Include the line containing "Some of the text" and every line after it up to the end of the material below; reproduce them exactly and drop the pictures.
----
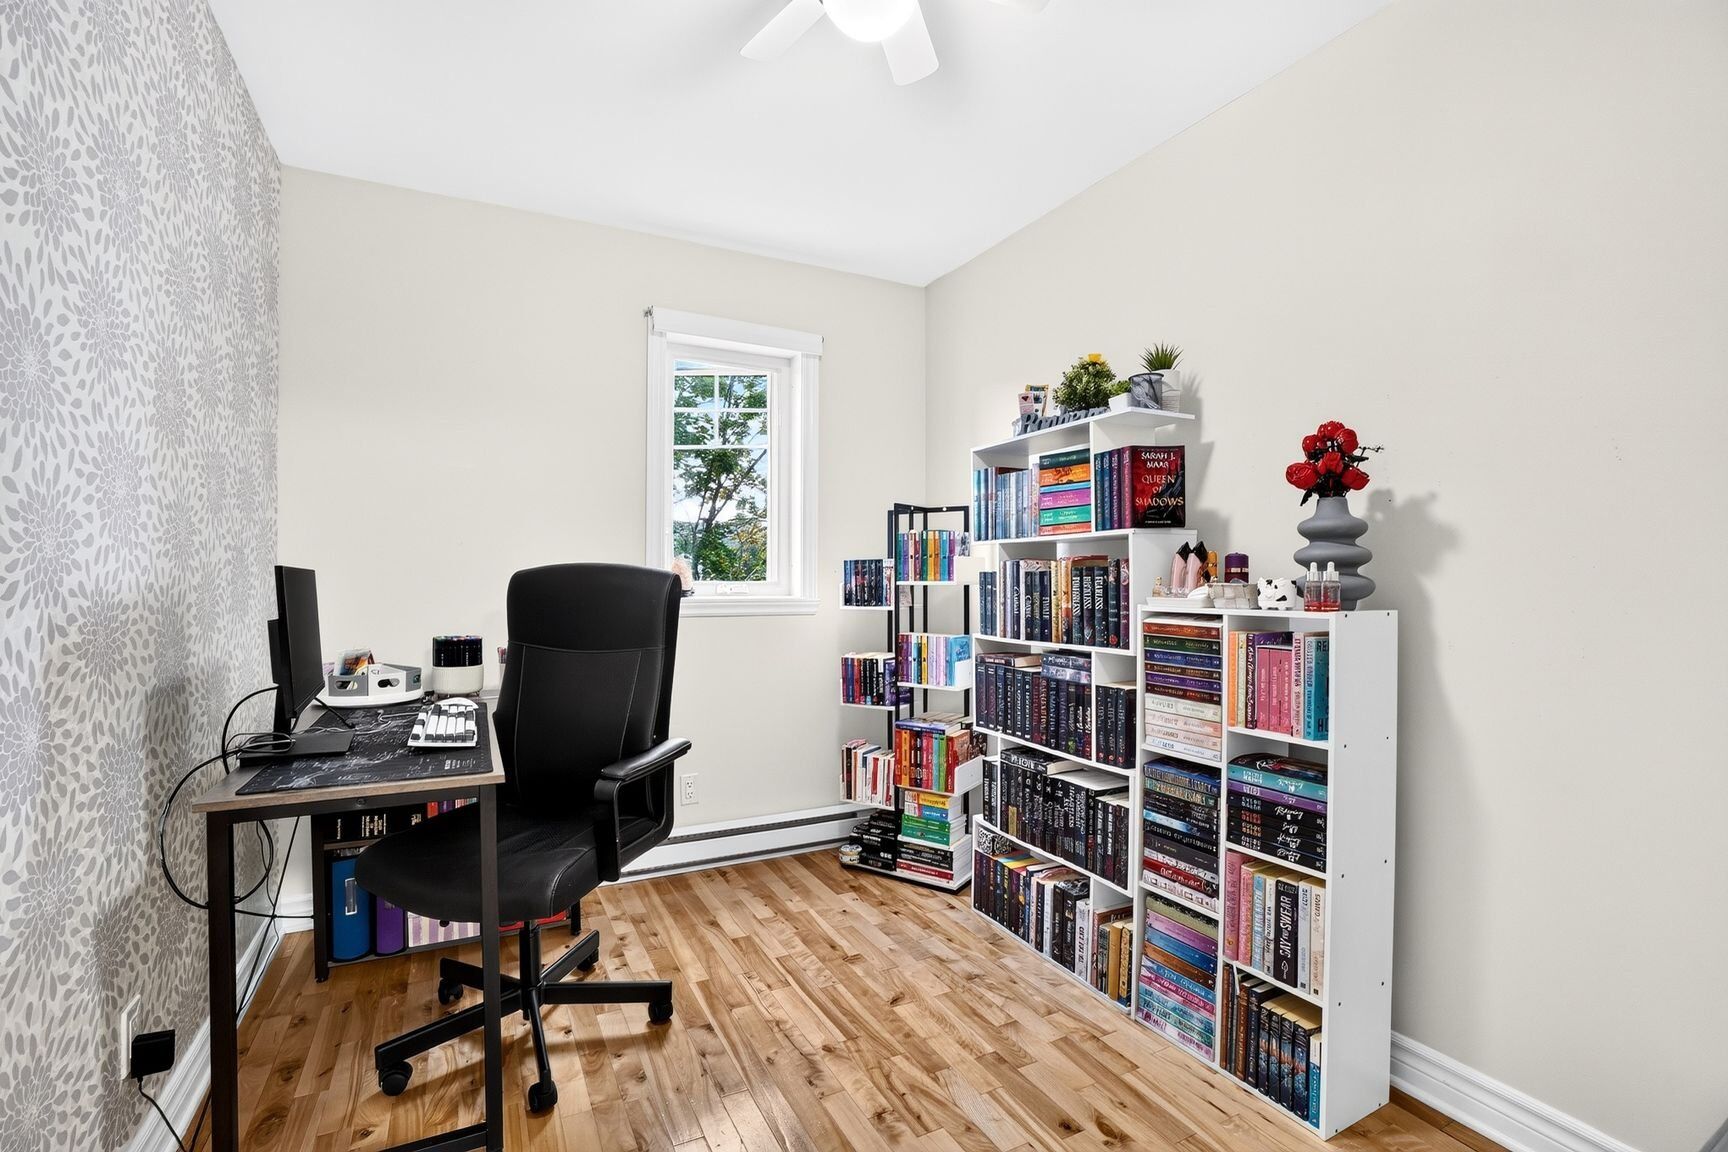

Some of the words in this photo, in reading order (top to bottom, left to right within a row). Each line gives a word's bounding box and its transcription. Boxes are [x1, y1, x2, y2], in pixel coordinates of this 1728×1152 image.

[1141, 452, 1168, 460] SARAH
[1141, 474, 1176, 485] QUEEN
[1135, 496, 1184, 506] SHADOWS
[1280, 896, 1292, 930] SWEAR
[1280, 938, 1292, 958] SAY
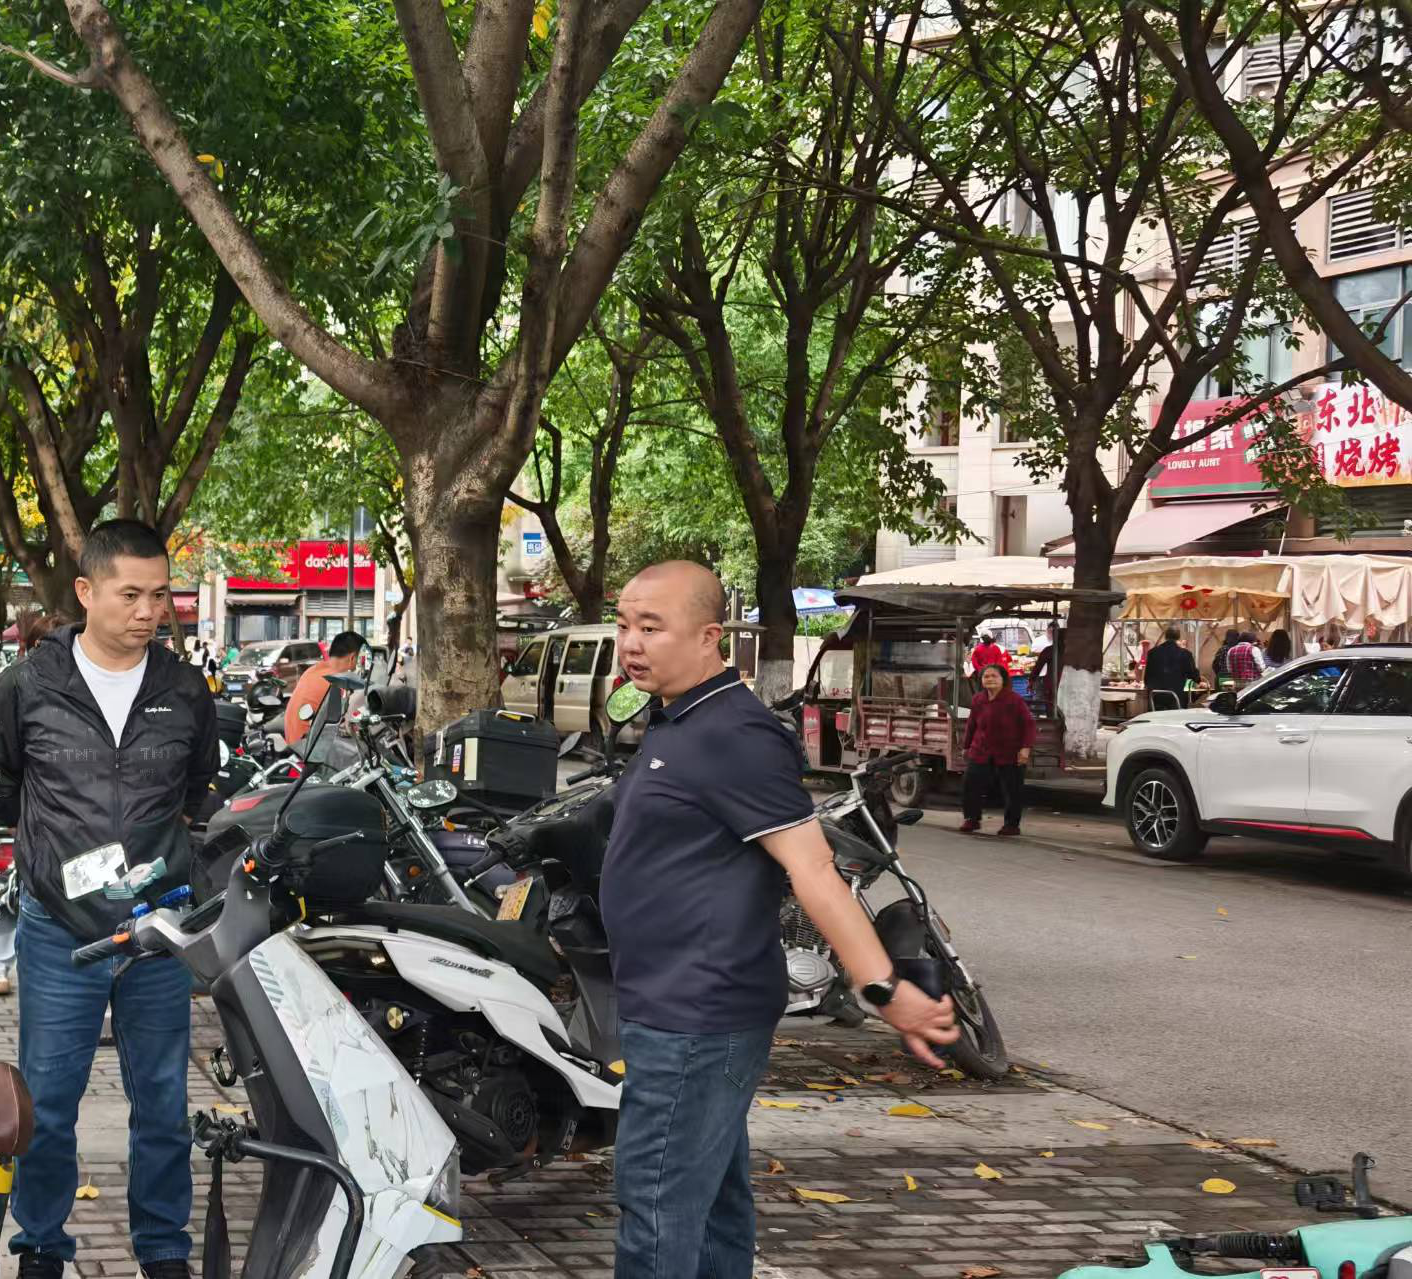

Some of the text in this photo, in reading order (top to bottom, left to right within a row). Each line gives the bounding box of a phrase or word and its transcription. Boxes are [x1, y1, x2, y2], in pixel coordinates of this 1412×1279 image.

[1168, 457, 1221, 470] LOVELY AUNT
[1334, 432, 1401, 478] 烧烤
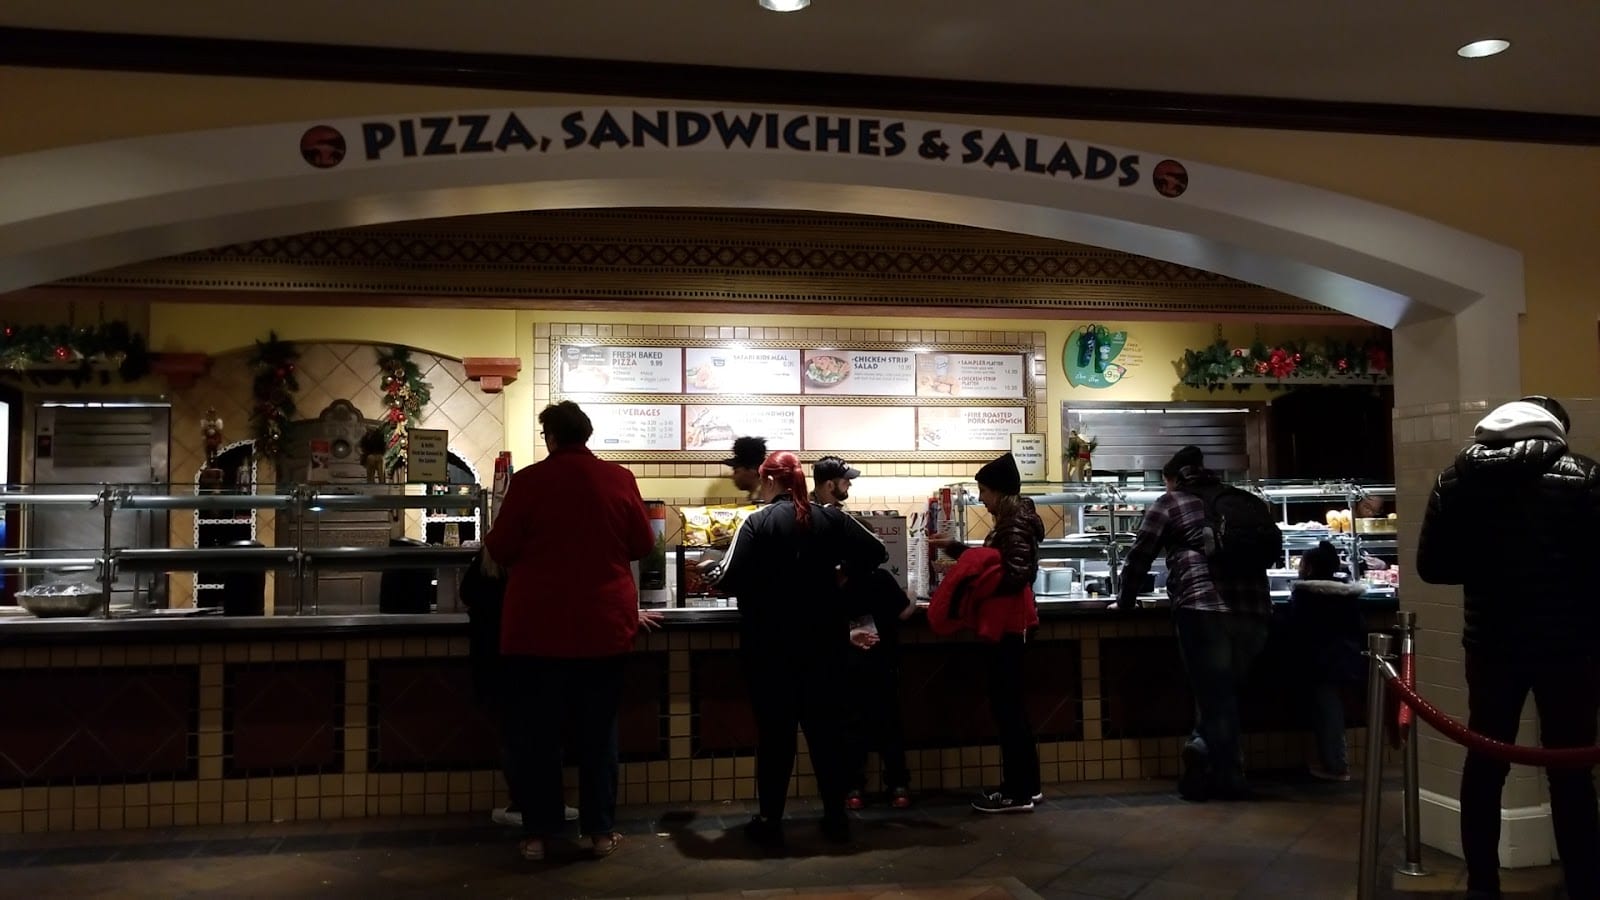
----
**OUTPUT:**
Some of the text in this photo, in reading order (top to bottom, left to right within a row). Each line gives the bounding box of a phrase or word and its transcription. Boxes are [x1, y1, x2, y2], in pixel coordinates of this 1412×1279 image.

[1168, 457, 1221, 470] LOVELY AUNT
[1334, 432, 1401, 478] 烧烤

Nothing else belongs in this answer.